Therapy of lysosomal storage diseases: Update and perspectives [Terapia de las enfermedades por depósito lisosomal: Actualidad y perspectivas]

Abstract

Lysosomal storage diseases (LSD) are caused by monogenic mutations in genes coding for multiple aberrant proteins involved in the catabolism of complex lipids, glycosaminoglycans, oligosaccharides, or nucleic acids. The pathophysiology of the LSD is due to abnormal accumulation of non-hydrolyzed substrate in the lysosomes, affecting the architecture and function of cells, tissues and organs. Due to their genic and allelic heterogeneity, the LSD present a wide clinical spectrum in severity of symptoms, evolution and age of onset.
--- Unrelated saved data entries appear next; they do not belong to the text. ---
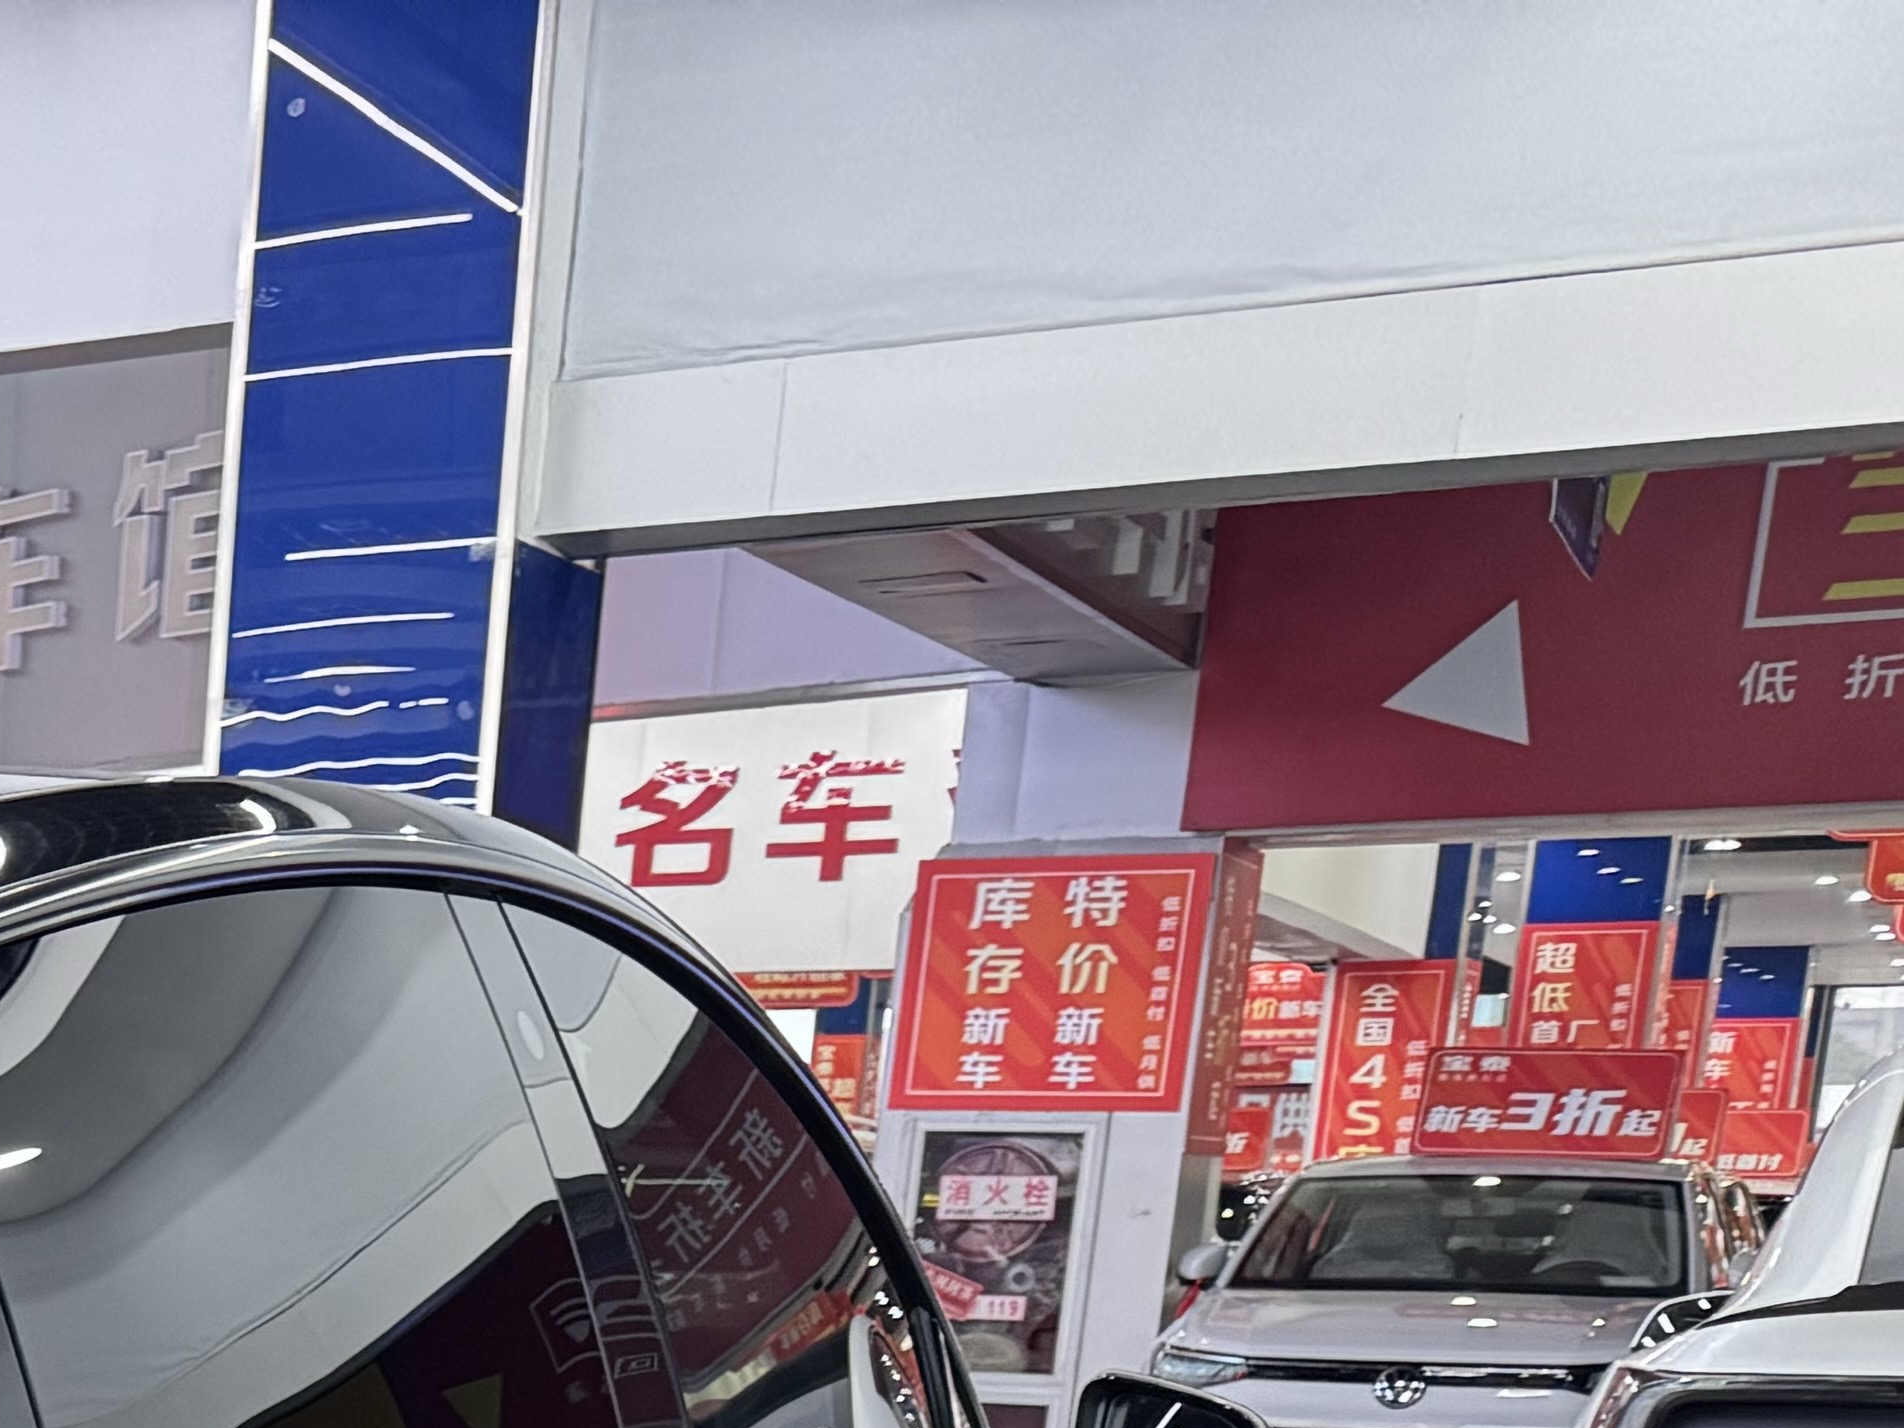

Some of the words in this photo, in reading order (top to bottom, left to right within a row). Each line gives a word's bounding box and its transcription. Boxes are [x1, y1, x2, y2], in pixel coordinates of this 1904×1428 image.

[615, 748, 962, 887] 名车
[955, 878, 1035, 1090] 库存新车
[1048, 876, 1128, 1090] 特价新车
[1423, 1088, 1662, 1136] 新车3折起
[947, 1177, 1051, 1207] 消火栓
The therapeutic strategy has two goals: 1) Palliative management of symptoms (splenectomy, surgery to improve or restore joints or bones, drugs for CNS symptoms, etc.), and 2) The correction of activity of the mutant protein, the former has two approaches: A) Replacing deficient protein (bone marrow transplantation, hematopoietic stem cells or umbilical cord blood cells; replacement with recombinant enzyme and gene therapy) and B) Activate or enhanced the functionality of the mutant enzyme with therapeutic small molecules. Neither of the known treatments is able to address all aspects of these multisystemic disorders, nor cure the patients. Currently, the combination of corrective therapy (CT) with paliative therapy (PT) is the most promising strategy to solve most of the multisystem manifestations. The multidisciplinary medical care is fundamental for diagnosis, treatment and control of disease. Nanotechnology opens a promising new era in the treatment of LSD. Finally, the LSD that has CT must be included in newborn screening programs in order to implement timely treatment and prevent irreversible damage.